The Committee obtained and reviewed the assurance received from the Managing Director and other Key Management Personnel regarding the adequacy and effectiveness of the Bank's risk management and internal control systems. To comply with this requirement, the ICOFR verification process was streamlined and revamped during the year 2024.

The backdrop of Sri Lanka's dynamic economic conditions and regulatory changes necessitated a comprehensive review of the Bank's internal control systems. Hence, the BAC intensified its focus on enhancing internal controls and risk management frameworks to mitigate threats associated with the local and global economic uncertainties. This included enhancing oversight on credit risk, liquidity risk and operational risk and related systems and controls as well as controls of related systems and processes. Based on the assessments carried out by the Internal Auditor and External Auditor, the BAC concluded that, as of 31st December 2024, the Bank's system of Internal Control Over Financial Reporting is effective. The Directors' Statement on the Bank's Internal Control Over Financial Reporting is provided on pages 264 and 265'

The Bank's External Auditors have assessed the effectiveness of the existing system of Internal Control Over Financial Reporting and have provided an assurance report to the Board indicating that nothing has come to their attention that causes them to believe that financial reporting was inconsistent with their understanding of the processes adopted by the Board for reviewing the design and operating effectiveness of the internal control system of the Bank. The External Auditors' Assurance Report on the Bank's systems of Internal Control Over Financial Reporting is provided on page 266.

Internal Audit

As the third line of defence, internal audit functions independently from the first and second lines of defence, reporting directly to the BAC. During the year, the BAC continued to fulfil its mandate to monitor and review the scope, methodologies, extent and effectiveness of the activities of the Bank's Internal Audit Department, including review of the progress made on Audit activities and achievements against the Bank's Audit Plan.
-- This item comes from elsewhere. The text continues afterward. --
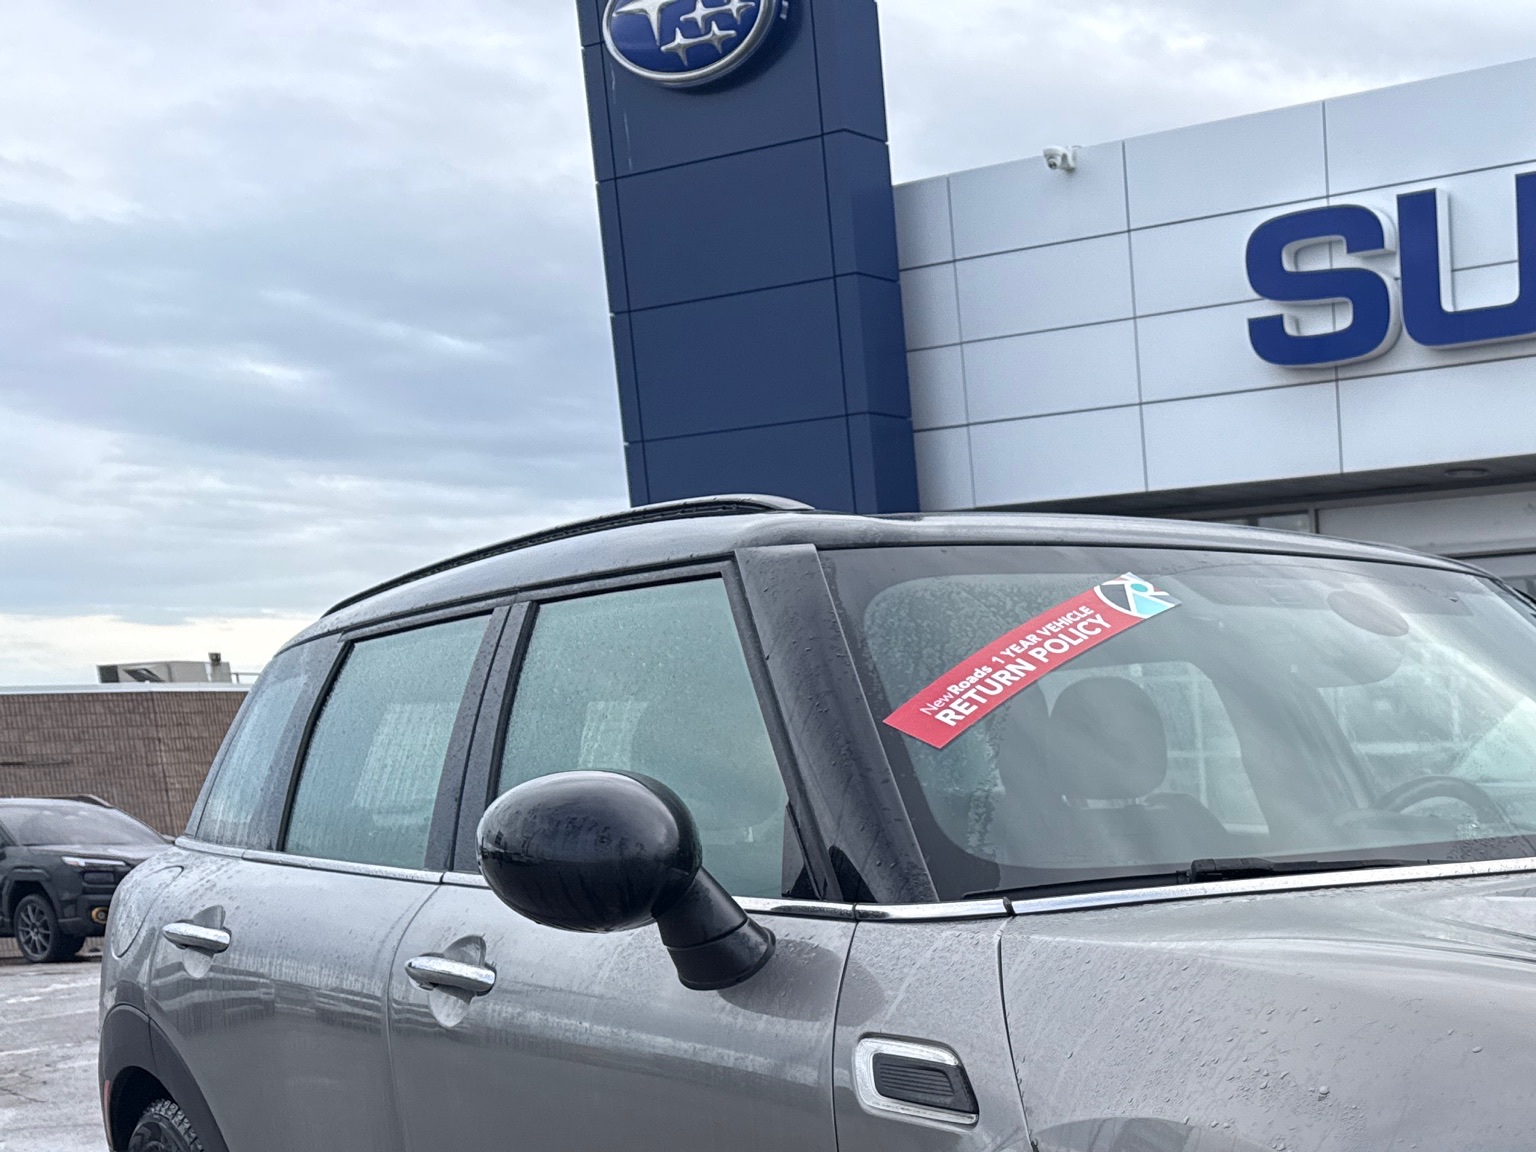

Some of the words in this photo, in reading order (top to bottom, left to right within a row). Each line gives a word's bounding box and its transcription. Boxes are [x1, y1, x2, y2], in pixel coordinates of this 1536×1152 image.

The BAC noted the increased focus by the Internal Audit function on technology-driven audit techniques to monitor the Bank's digital transformation efforts and to safeguard against cybersecurity threats. The Committee reviewed all major findings revealed through audit investigations and potential fraud monitoring activities carried out during the year.

The BAC also reviewed the resource requirements of the Internal Audit Department. The performance evaluation of the Chief Internal Auditor and the senior staff members of the Internal Audit Department for the year 2024 will be carried out by the Committee during the first quarter of 2025.

Annual Corporate Governance Report

As required by Section 3(8)(ii)(g) of the Banking Act Direction No. 11 of 2007 on Corporate Governance for Licensed Commercial Banks and Section 9.2. (h). (i) of the Banking Act Direction No. 05 of 2024 (effective 1st January 2025) issued by the Central Bank of Sri Lanka, the Annual Corporate Governance Report for 2024 is provided on pages 152 to 183. The External Auditor of the Bank have performed procedures set out in Sri Lanka Related Services Practice Statement 4750 issued by the CA Sri Lanka (SLRSPS 4750), to meet the compliance requirement of the said Corporate Governance direction. Their findings presented in their report dated 17th February 2025 addressed to the Board, are consistent with the matters disclosed above and no inconsistencies have been identified in this regard.

Whistleblowing

The Bank's 'Policy on Whistleblowing' continued to be implemented as a component of the Corporate Fraud Risk Management Framework and made available in the Bank's website in line with the requirement specified in the Listing Rules issued by the Colombo Stock Exchange. Furthermore, the 'Procedure on Whistleblowing' was developed to enhance the internal stakeholders' understanding of the whistleblowing process that needs to be followed. The recommendations provided by the BAC were incorporated into the Whistleblowing Policy and the Whistleblowing Procedure as applicable, to further strengthen the whistleblowing mechanism. The Policy and the Procedure empower any team member who has a legitimate concern on an existing or potential “wrongdoing” by any person within the Bank to come forward voluntarily and bring such concern to the notice of the Chairman of the BAC either through the Company Secretary or Chief Internal Auditor. Concerns raised are investigated as per the standard procedure and the identity of the person raising the concern is kept confidential.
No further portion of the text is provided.